Entries shown
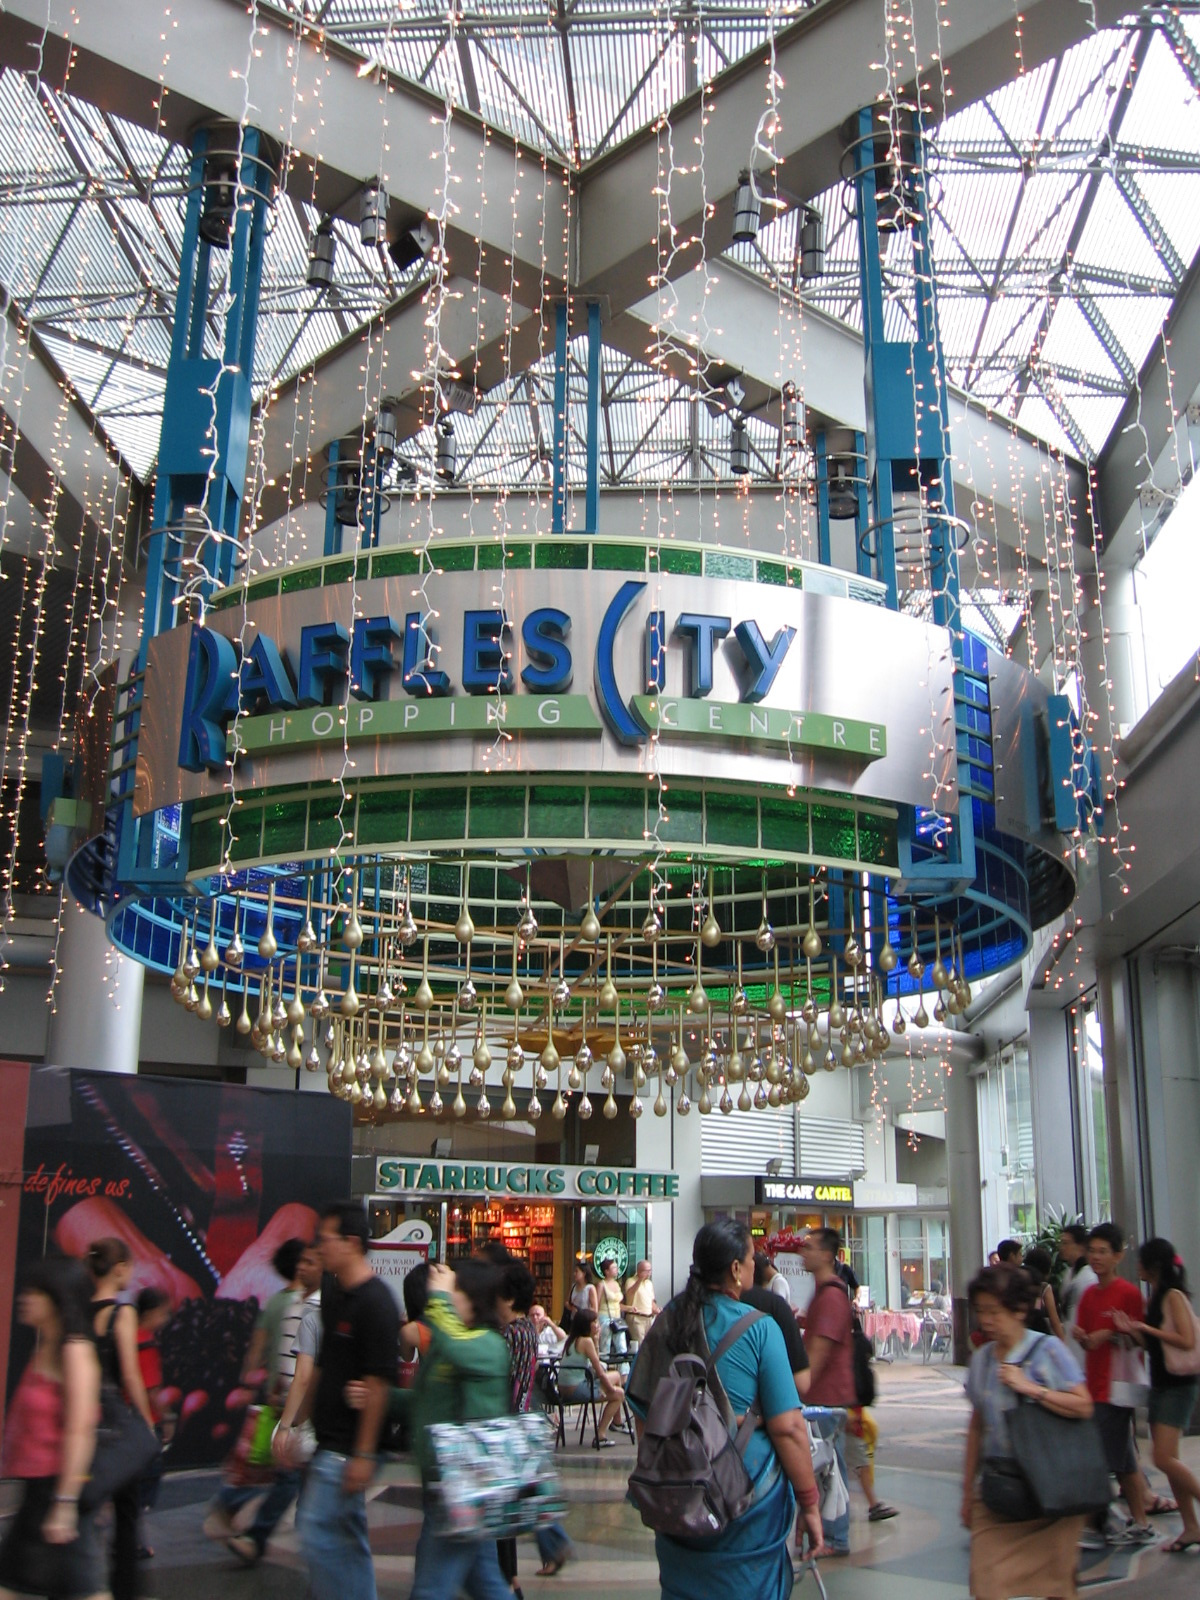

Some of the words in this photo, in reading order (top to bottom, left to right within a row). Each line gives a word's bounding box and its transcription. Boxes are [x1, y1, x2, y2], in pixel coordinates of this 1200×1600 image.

[178, 608, 574, 772] RAFFLES
[594, 580, 798, 747] CITY
[230, 699, 562, 749] SHOPPING
[662, 701, 882, 753] CENTRE
[24, 1162, 102, 1205] defines
[105, 1177, 132, 1199] us.
[379, 1161, 566, 1194] STARBUCKS
[577, 1170, 680, 1197] COFFEE
[764, 1183, 786, 1198] THE
[815, 1186, 852, 1201] CARTEL
[392, 1258, 415, 1266] WARM

What needs to be done
Transcribe all lines above exactly, skipping pictures.

Solution below
Some of the words in this photo, in reading order (top to bottom, left to right within a row). Each line gives a word's bounding box and its transcription. Boxes are [x1, y1, x2, y2], in pixel coordinates of this 1200×1600 image.

[178, 608, 574, 772] RAFFLES
[594, 580, 798, 747] CITY
[230, 699, 562, 749] SHOPPING
[662, 701, 882, 753] CENTRE
[24, 1162, 102, 1205] defines
[105, 1177, 132, 1199] us.
[379, 1161, 566, 1194] STARBUCKS
[577, 1170, 680, 1197] COFFEE
[764, 1183, 786, 1198] THE
[815, 1186, 852, 1201] CARTEL
[392, 1258, 415, 1266] WARM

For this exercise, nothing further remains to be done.